Data records Block Start

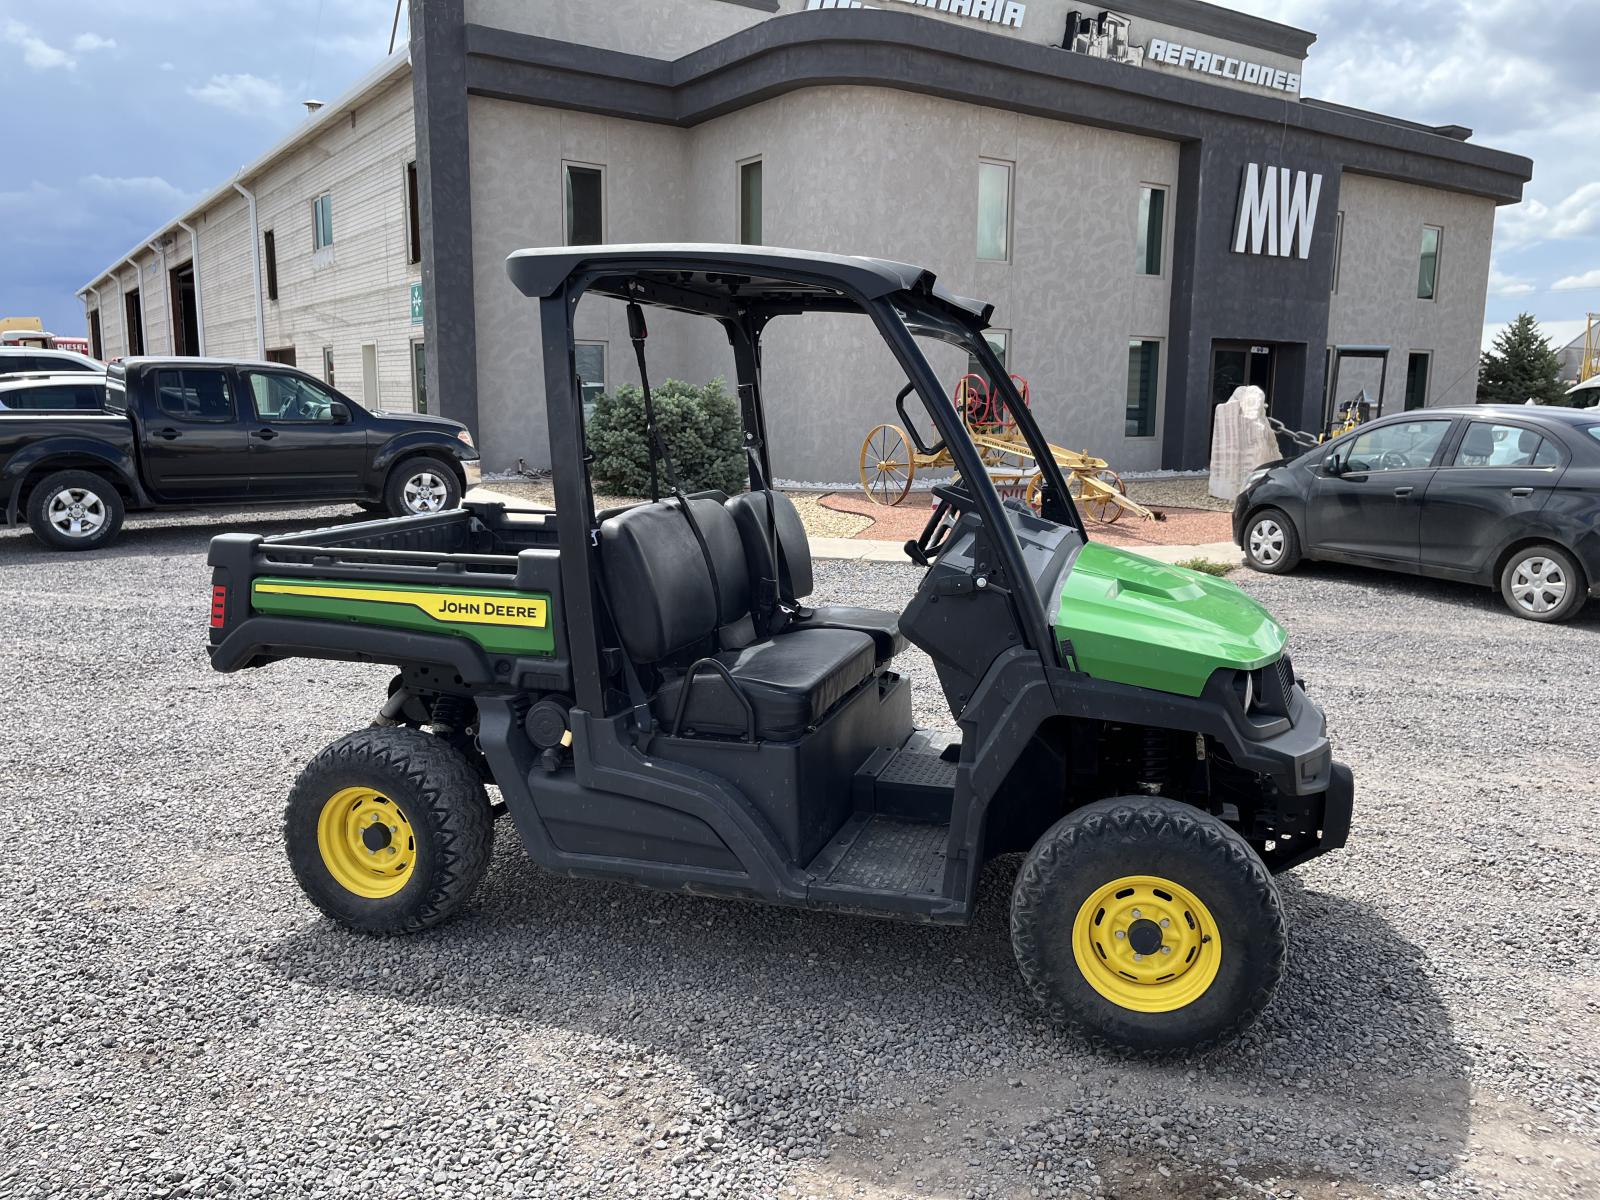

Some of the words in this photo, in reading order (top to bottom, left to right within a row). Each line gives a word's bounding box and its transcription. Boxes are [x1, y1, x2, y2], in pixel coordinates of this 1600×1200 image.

[1147, 38, 1300, 92] REFACCIONES
[1234, 162, 1323, 260] MW
[438, 599, 480, 615] JOHN
[484, 602, 537, 618] DEERE

Data records Block End

## Exercise goal
Return a verbatim transcription of the data, omitting all images.

## Task result
Some of the words in this photo, in reading order (top to bottom, left to right within a row). Each line gives a word's bounding box and its transcription. Boxes are [x1, y1, x2, y2], in pixel coordinates of this 1600×1200 image.

[1147, 38, 1300, 92] REFACCIONES
[1234, 162, 1323, 260] MW
[438, 599, 480, 615] JOHN
[484, 602, 537, 618] DEERE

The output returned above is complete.